▶ _Exercise_
From the first line to the last, transcribe the data exactly and skip the pictures.

▶ _Data_
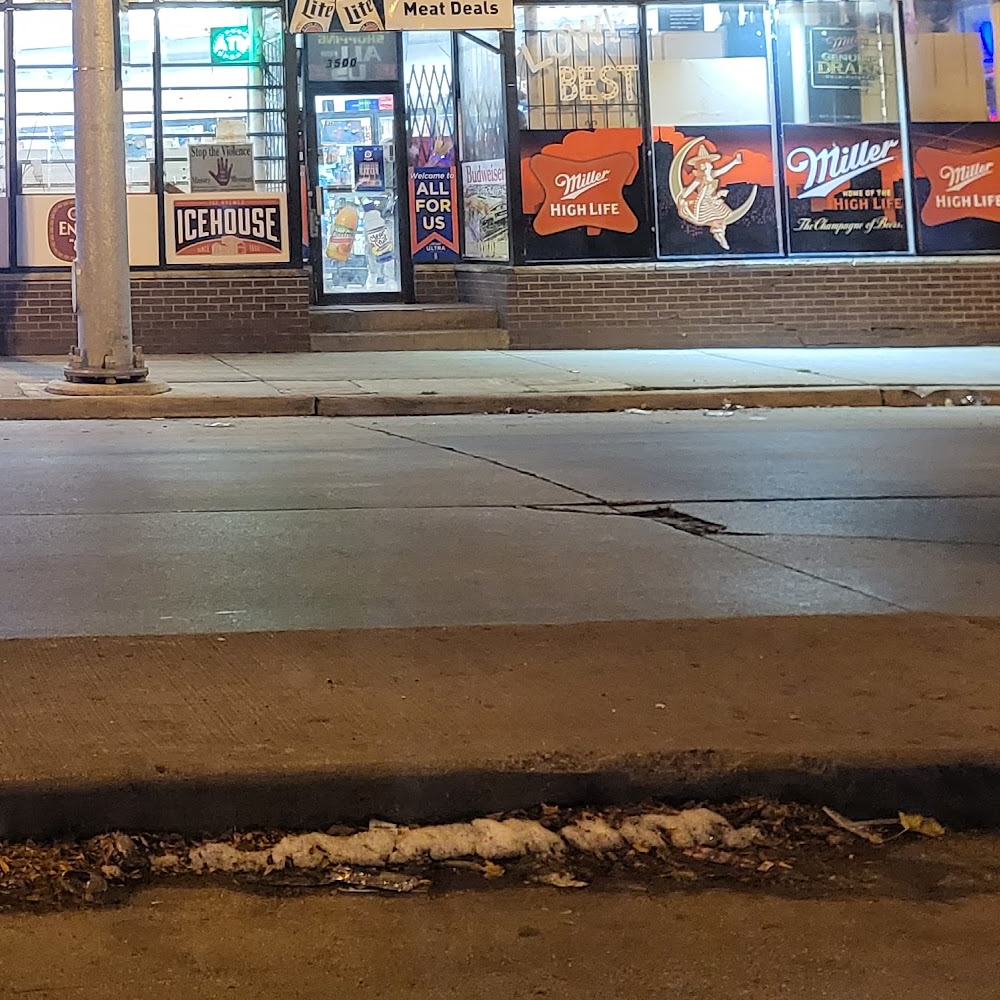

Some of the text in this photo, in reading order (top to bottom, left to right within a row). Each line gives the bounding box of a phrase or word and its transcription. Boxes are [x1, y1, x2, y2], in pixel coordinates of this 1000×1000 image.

[404, 1, 499, 16] Meat Deals
[558, 64, 639, 101] BEST
[191, 145, 251, 160] Stop the Violence
[411, 172, 445, 180] Welcome
[466, 165, 505, 184] Budweiser
[786, 139, 899, 199] Miller
[939, 162, 994, 192] Miller
[416, 181, 450, 196] ALL
[555, 170, 611, 200] Miller
[415, 199, 451, 213] FOR
[834, 198, 903, 210] HIGH LIFE
[935, 195, 1000, 208] HIGH LIFE
[550, 202, 620, 217] HIGH LIFE
[176, 207, 278, 244] ICEHOUSE
[422, 216, 446, 230] US
[793, 217, 815, 231] The
[814, 217, 864, 235] Champagne
[865, 217, 876, 235] of

▶ _Your response_
Some of the text in this photo, in reading order (top to bottom, left to right within a row). Each line gives the bounding box of a phrase or word and its transcription. Boxes are [x1, y1, x2, y2], in pixel coordinates of this 1000×1000 image.

[404, 1, 499, 16] Meat Deals
[558, 64, 639, 101] BEST
[191, 145, 251, 160] Stop the Violence
[411, 172, 445, 180] Welcome
[466, 165, 505, 184] Budweiser
[786, 139, 899, 199] Miller
[939, 162, 994, 192] Miller
[416, 181, 450, 196] ALL
[555, 170, 611, 200] Miller
[415, 199, 451, 213] FOR
[834, 198, 903, 210] HIGH LIFE
[935, 195, 1000, 208] HIGH LIFE
[550, 202, 620, 217] HIGH LIFE
[176, 207, 278, 244] ICEHOUSE
[422, 216, 446, 230] US
[793, 217, 815, 231] The
[814, 217, 864, 235] Champagne
[865, 217, 876, 235] of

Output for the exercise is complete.